* **GOAL OF THE EXERCISE**: This exercise calls for an exact copy of the listing, with no pictures kept.

============================================================

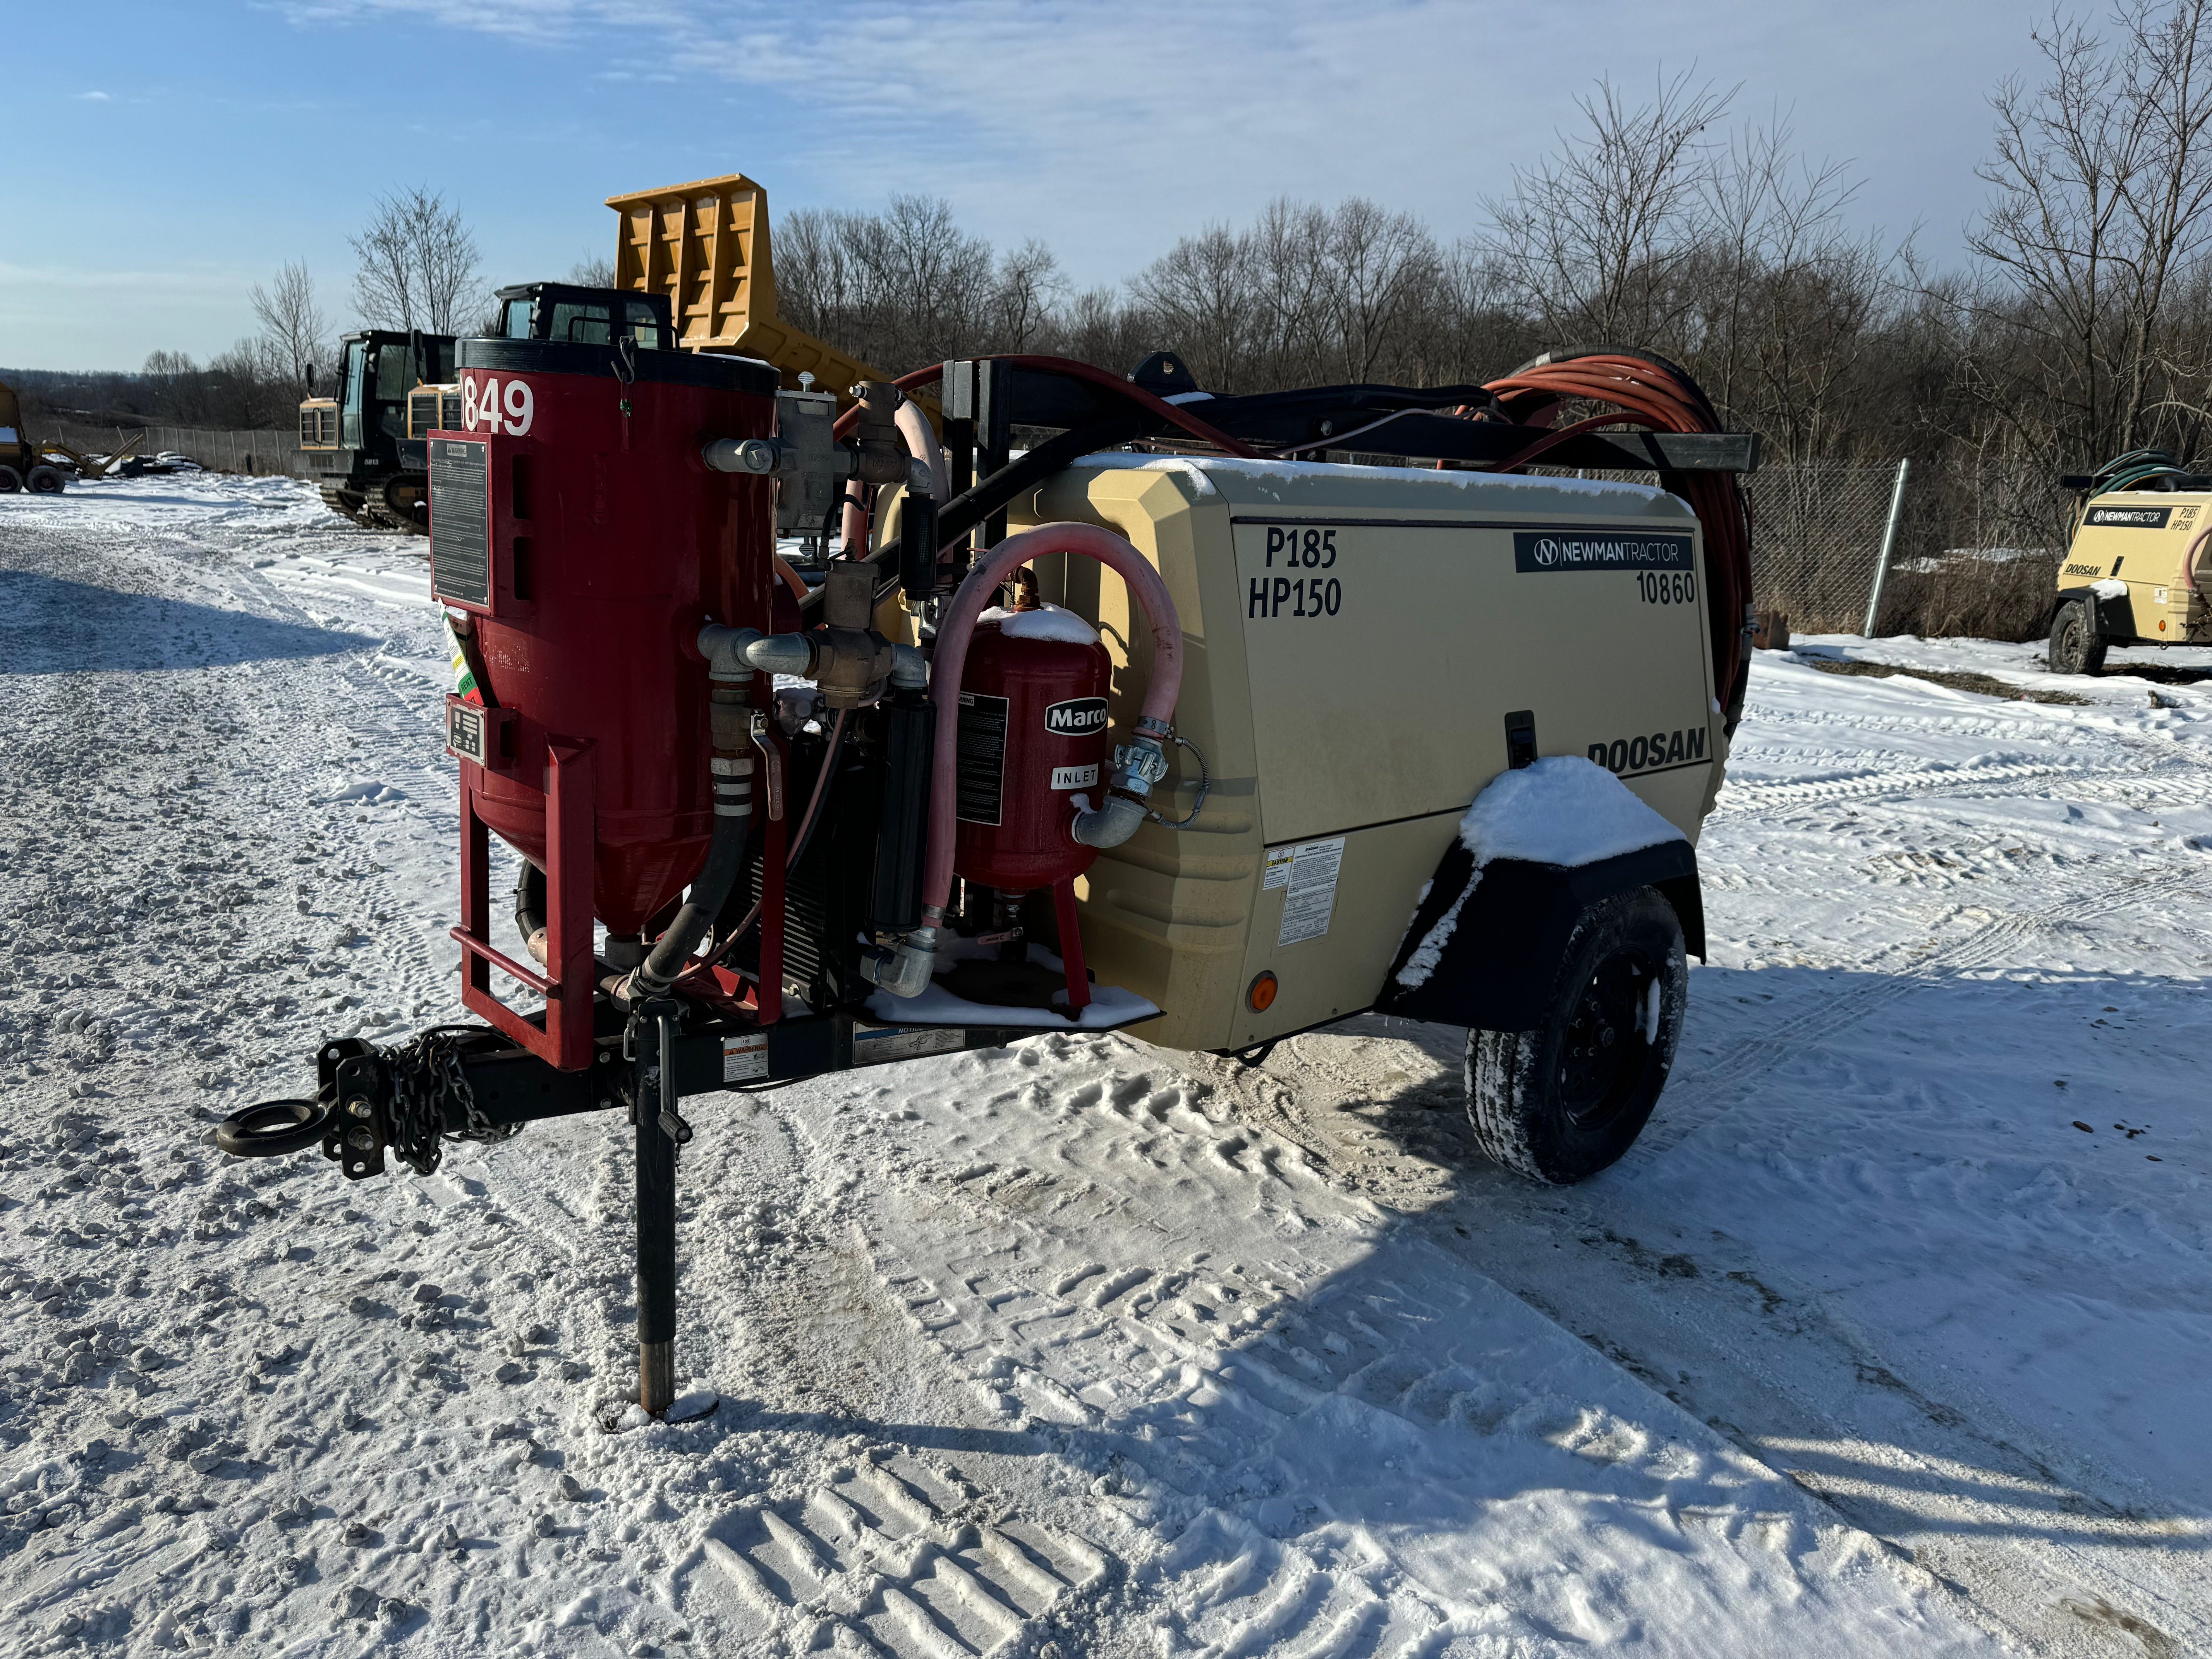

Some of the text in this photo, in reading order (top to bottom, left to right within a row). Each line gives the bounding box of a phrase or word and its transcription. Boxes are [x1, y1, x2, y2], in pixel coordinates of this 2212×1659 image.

[2179, 508, 2198, 519] P185
[2170, 520, 2193, 531] HP150
[1266, 527, 1336, 568] P185
[2065, 563, 2102, 576] DOOSAN
[1637, 570, 1695, 605] 10860
[1249, 577, 1341, 618] HP150
[461, 677, 472, 692] RENT
[1050, 708, 1106, 727] Marco
[1588, 727, 1705, 773] DOOSAN
[1057, 769, 1096, 784] INLET
[736, 1045, 763, 1054] WARNING

============================================================

* **REPLY**:
Some of the text in this photo, in reading order (top to bottom, left to right within a row). Each line gives the bounding box of a phrase or word and its transcription. Boxes are [x1, y1, x2, y2], in pixel coordinates of this 2212×1659 image.

[2179, 508, 2198, 519] P185
[2170, 520, 2193, 531] HP150
[1266, 527, 1336, 568] P185
[2065, 563, 2102, 576] DOOSAN
[1637, 570, 1695, 605] 10860
[1249, 577, 1341, 618] HP150
[461, 677, 472, 692] RENT
[1050, 708, 1106, 727] Marco
[1588, 727, 1705, 773] DOOSAN
[1057, 769, 1096, 784] INLET
[736, 1045, 763, 1054] WARNING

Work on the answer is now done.